Brian T. Field (born December 1, 1967) is an American composer of music for chamber groups, choirs and orchestras. He was also an adjunct professor of music at Columbia University from 1995 to 1997, Seton Hall University in 1997, and American University in 2019.

Life 
Brian Field was raised in Minneapolis, Minnesota and Toledo, Ohio beginning his musical training at age eight; his first serious compositional efforts at age sixteen. He received his undergraduate degree from Connecticut College, where he was a student of Noel Zahler, graduating Magna Cum Laude, Phi Beta Kappa. At Connecticut he received the Rosemary Park Fellowship and was awarded the Mahan Music Prize for Highest Attainment in Music

He earned a M.M. in composition at the Juilliard School in New York, where he was a student of Milton Babbitt, subsequently earning his doctorate in composition as a President's Fellow at Columbia University as a student of Mario Davidovsky and George Edwards.   His doctoral composition and analysis was a work for violoncello quartet, Metamorphoses Messianiques.

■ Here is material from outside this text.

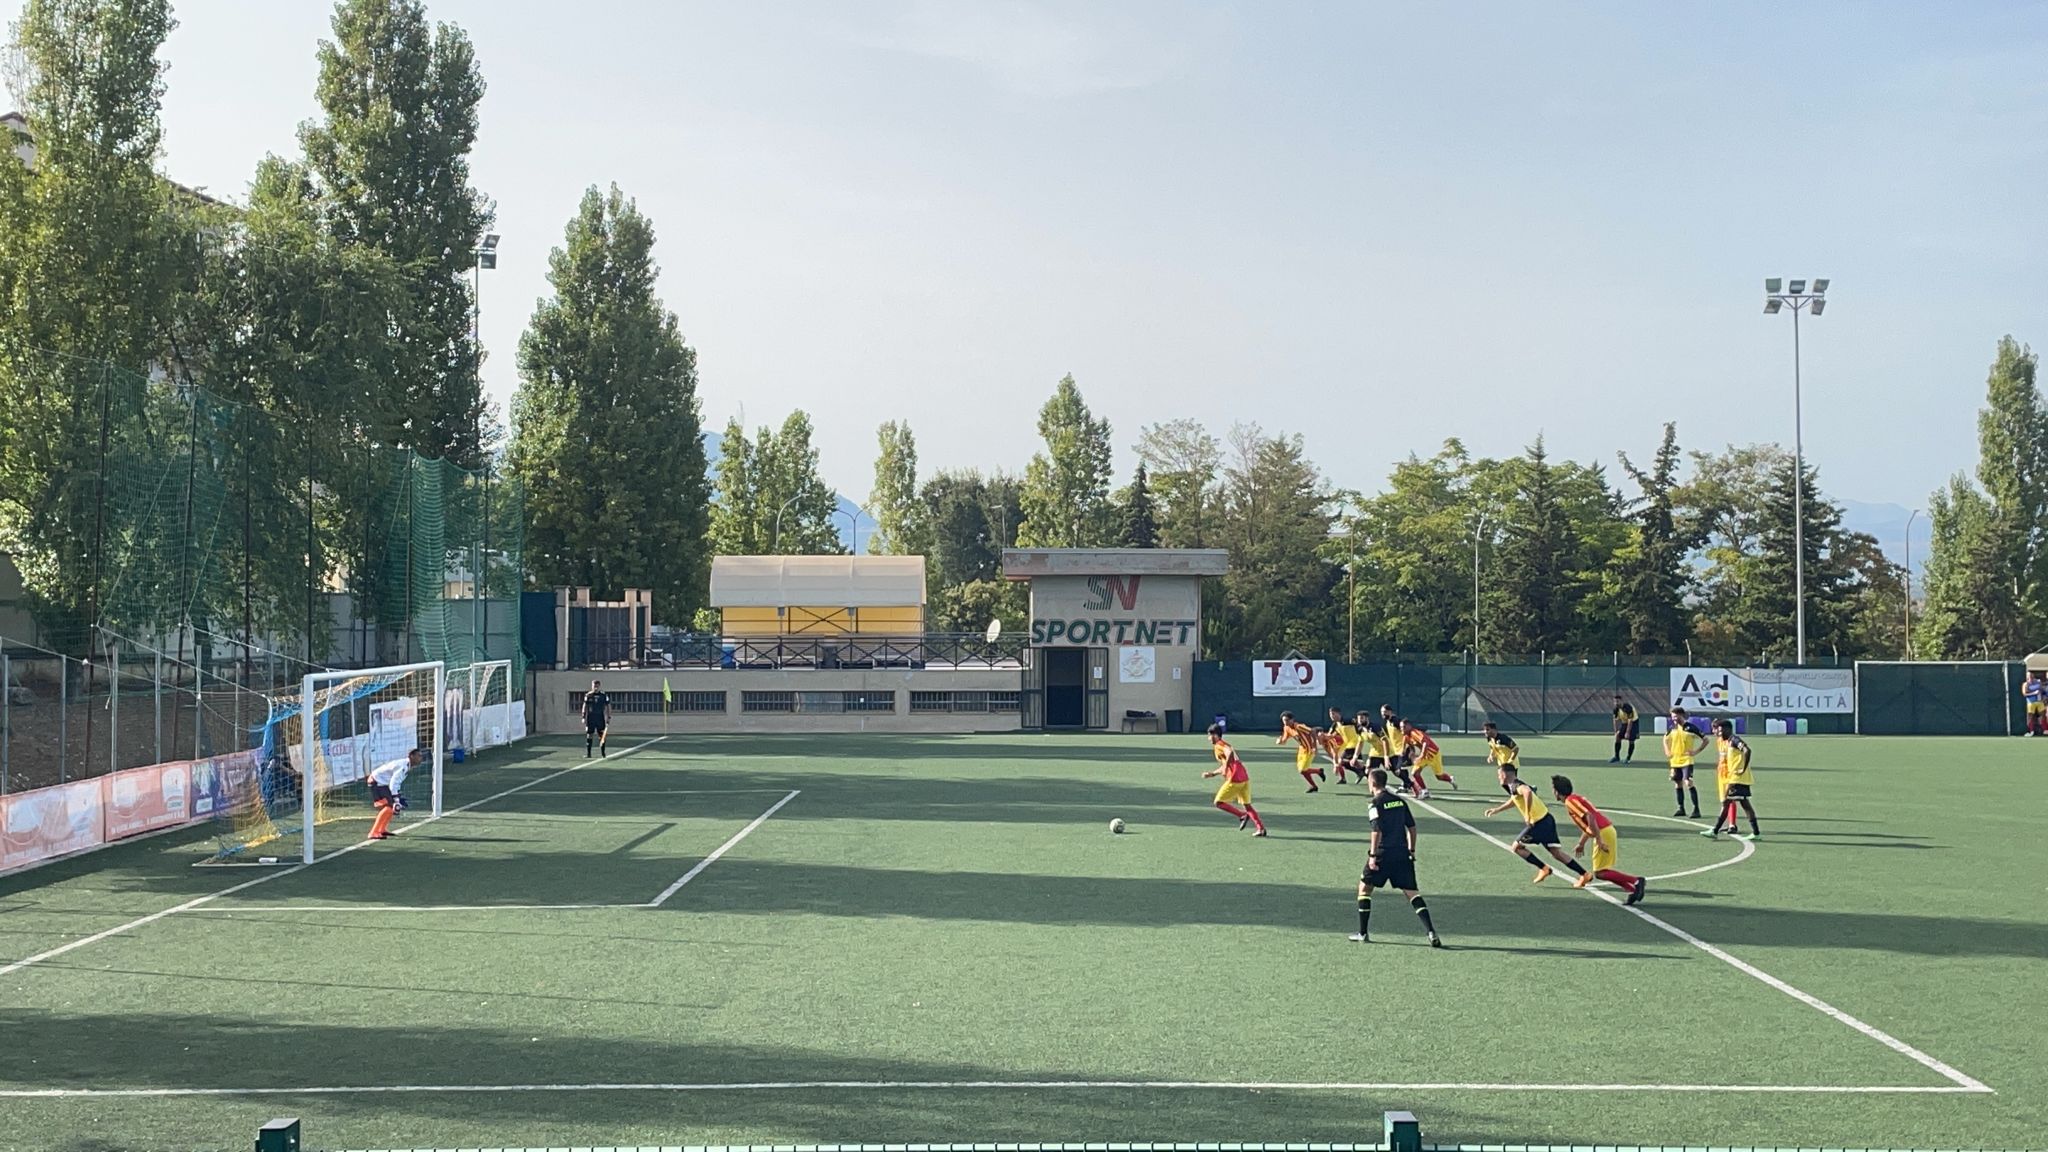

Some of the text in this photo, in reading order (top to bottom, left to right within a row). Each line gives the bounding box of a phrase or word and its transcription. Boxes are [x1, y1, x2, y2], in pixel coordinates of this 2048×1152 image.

[1083, 575, 1142, 611] SN
[1263, 661, 1314, 685] TAO
[1734, 692, 1847, 709] PUBBLICITÀ

Field's self-described musical style is an "eclectic fusion of lyricism and driving rhythm that brings together elements of post-romanticism, minimalism and jazz."

Reviews & Recognition 
First public reviews of Field's work emerged with the release of his String Quartet #1 (2019) on a compilation of string quartets performed by the New York based Sirius Quartet.  Gramophone took note of the work, and wrote that "[Field’s] First Quartet makes me want to hear more. Its four very rhythmic movements are models of concision, real dialogues between the four musicians."  The American Record Guide took particular focus on the second, lyrical movement of the quartet, commenting that "Field's Quartet #1 has a true gem of a second movement: here we get that delicious sense of longing, of needing, as the strings climb higher and higher on their fingerboards: almost like they're attempting to touch heaven."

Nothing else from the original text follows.